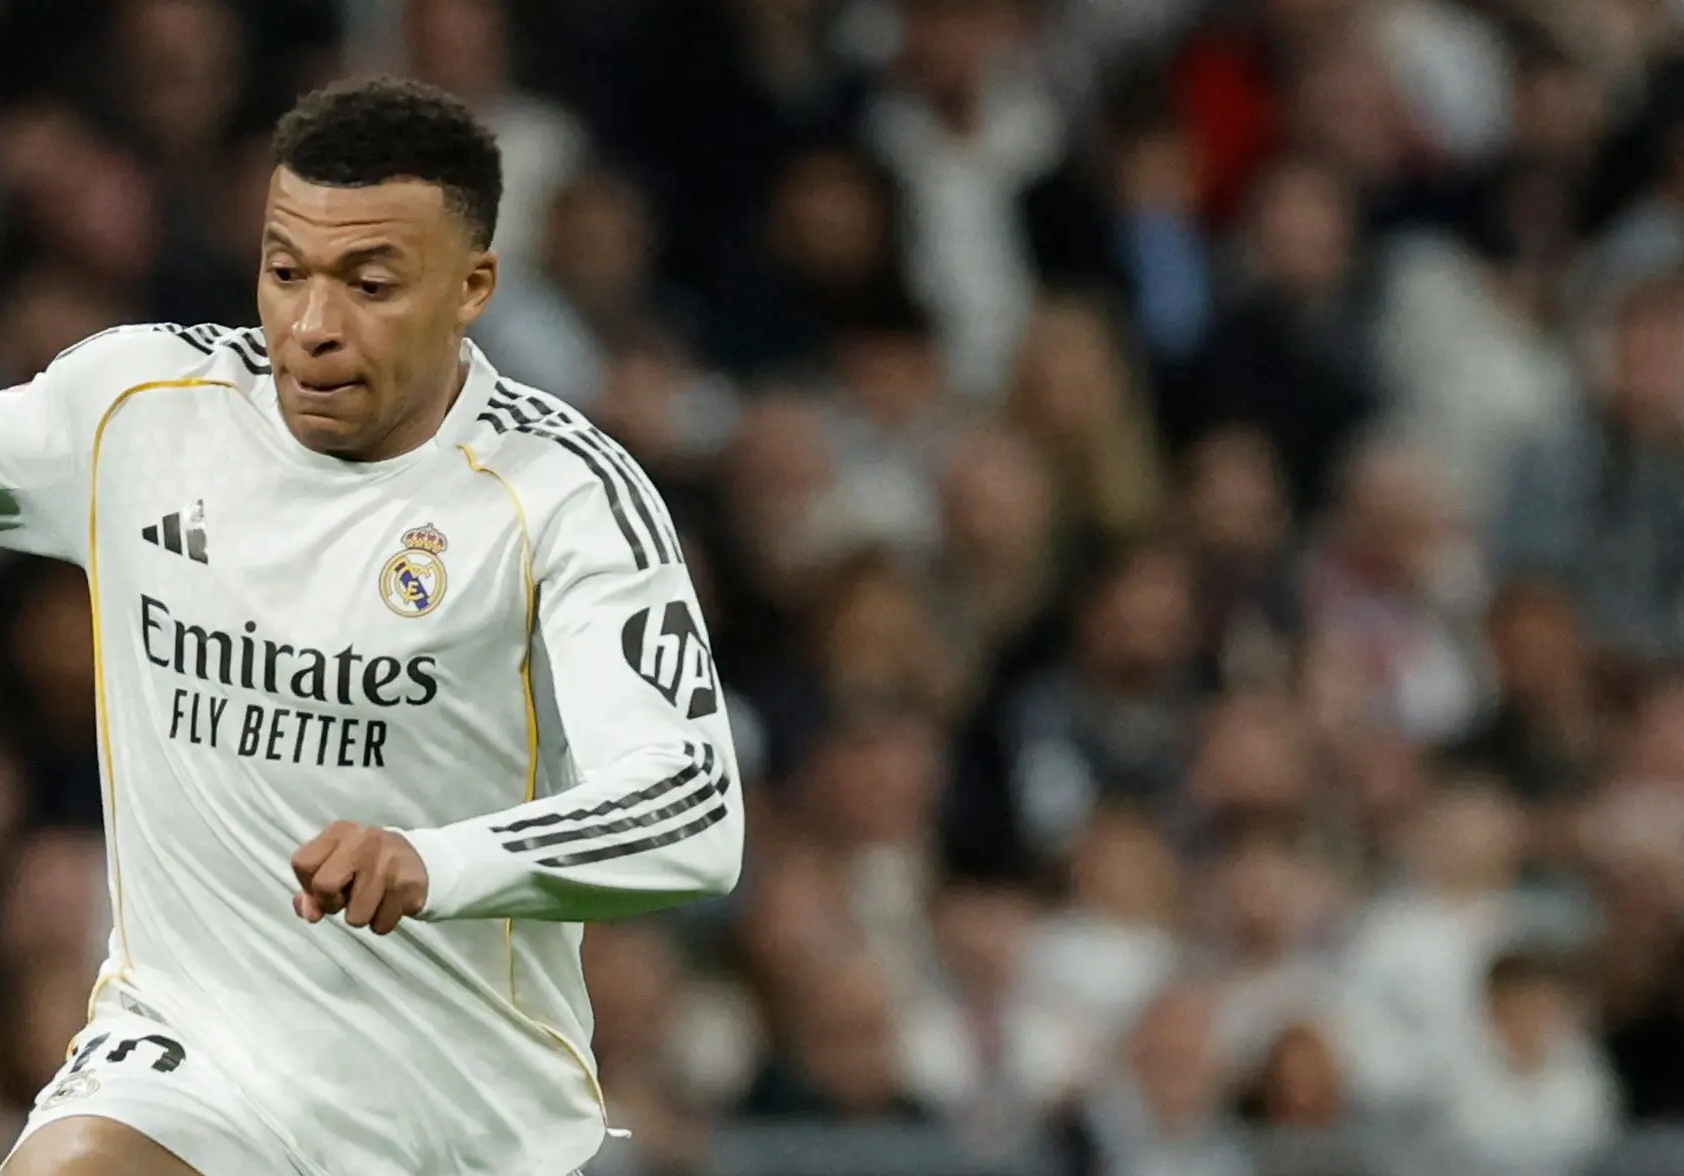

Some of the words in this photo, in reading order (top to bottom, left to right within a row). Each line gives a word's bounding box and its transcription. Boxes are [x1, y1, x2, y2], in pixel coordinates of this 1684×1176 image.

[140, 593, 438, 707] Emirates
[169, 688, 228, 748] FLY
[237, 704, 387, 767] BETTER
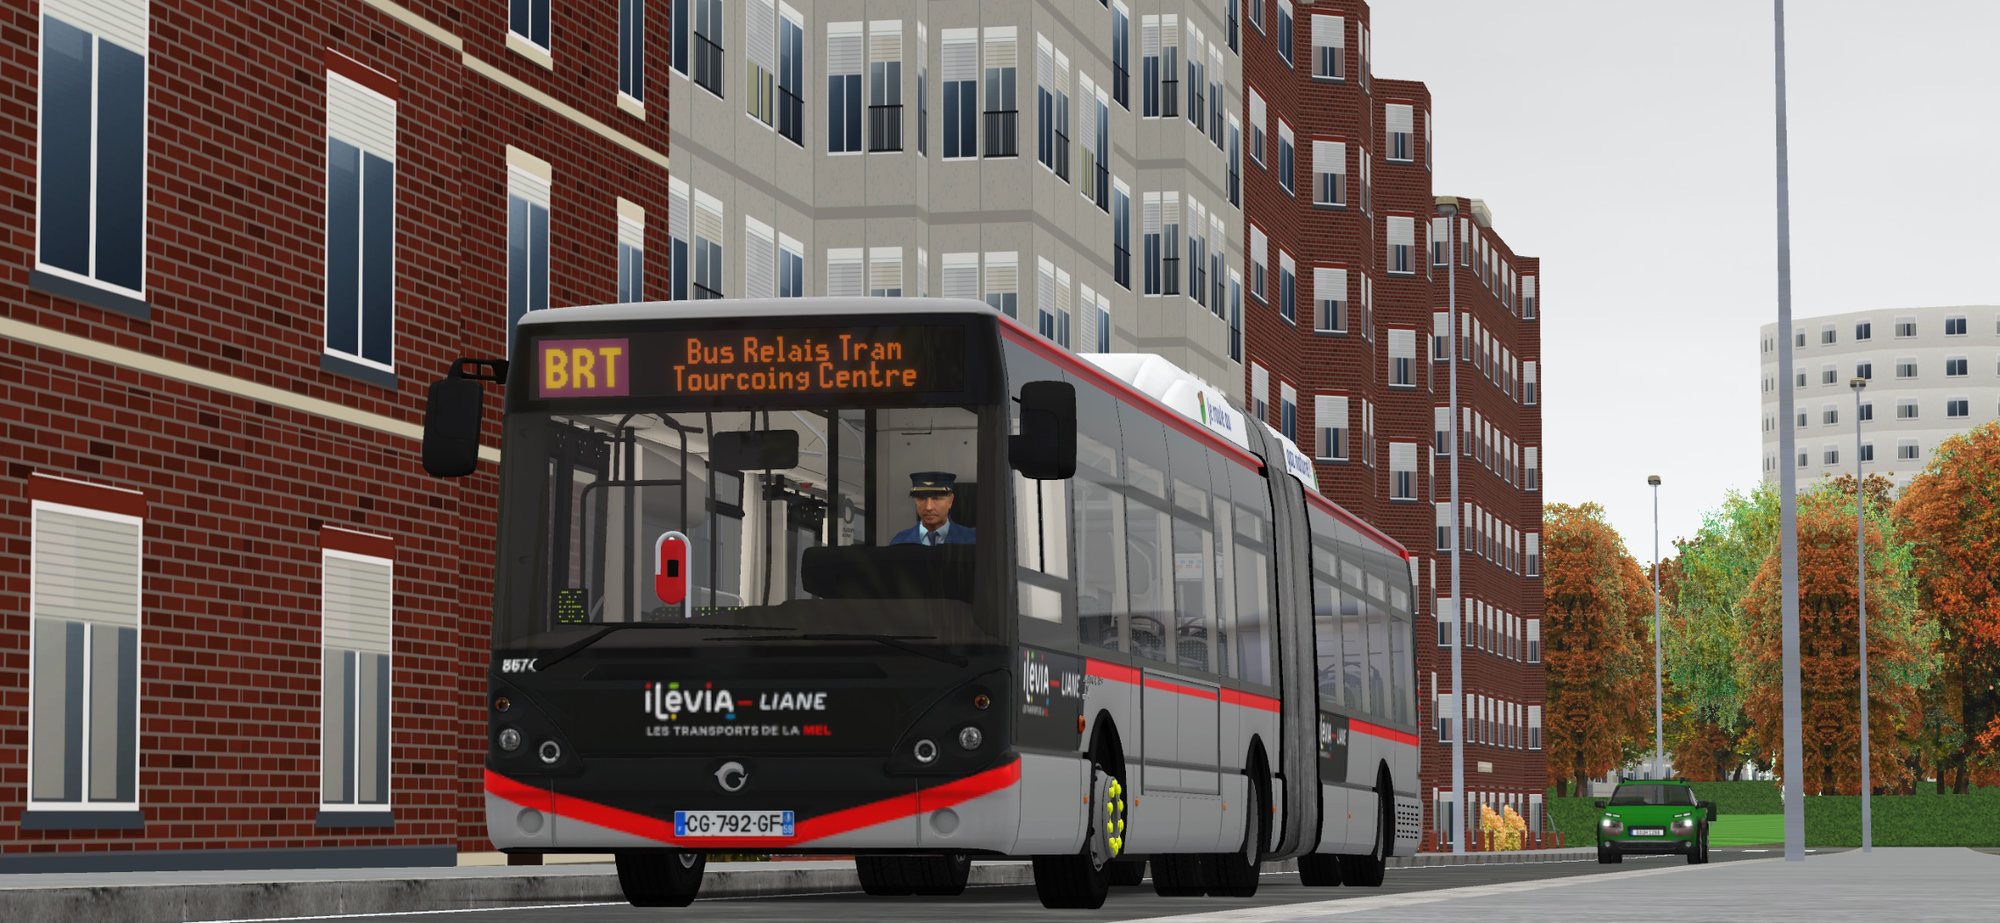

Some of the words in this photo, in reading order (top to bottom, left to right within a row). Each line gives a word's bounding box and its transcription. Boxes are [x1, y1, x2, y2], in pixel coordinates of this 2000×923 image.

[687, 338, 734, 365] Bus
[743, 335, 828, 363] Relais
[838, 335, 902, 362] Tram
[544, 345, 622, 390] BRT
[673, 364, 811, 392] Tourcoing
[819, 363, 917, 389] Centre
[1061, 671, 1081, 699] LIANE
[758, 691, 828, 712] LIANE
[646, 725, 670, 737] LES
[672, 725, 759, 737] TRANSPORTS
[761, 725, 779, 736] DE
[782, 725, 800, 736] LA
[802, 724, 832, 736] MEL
◇ ◇ ◇ ◇
Problem statement
Copy every record above exactly as written, but leave out the pictures.

Exercise output
Some of the words in this photo, in reading order (top to bottom, left to right within a row). Each line gives a word's bounding box and its transcription. Boxes are [x1, y1, x2, y2], in pixel coordinates of this 1684×1176 image.

[140, 593, 438, 707] Emirates
[169, 688, 228, 748] FLY
[237, 704, 387, 767] BETTER

Some of the words in this photo, in reading order (top to bottom, left to right within a row). Each line gives a word's bounding box and its transcription. Boxes are [x1, y1, x2, y2], in pixel coordinates of this 2000×923 image.

[687, 338, 734, 365] Bus
[743, 335, 828, 363] Relais
[838, 335, 902, 362] Tram
[544, 345, 622, 390] BRT
[673, 364, 811, 392] Tourcoing
[819, 363, 917, 389] Centre
[1061, 671, 1081, 699] LIANE
[758, 691, 828, 712] LIANE
[646, 725, 670, 737] LES
[672, 725, 759, 737] TRANSPORTS
[761, 725, 779, 736] DE
[782, 725, 800, 736] LA
[802, 724, 832, 736] MEL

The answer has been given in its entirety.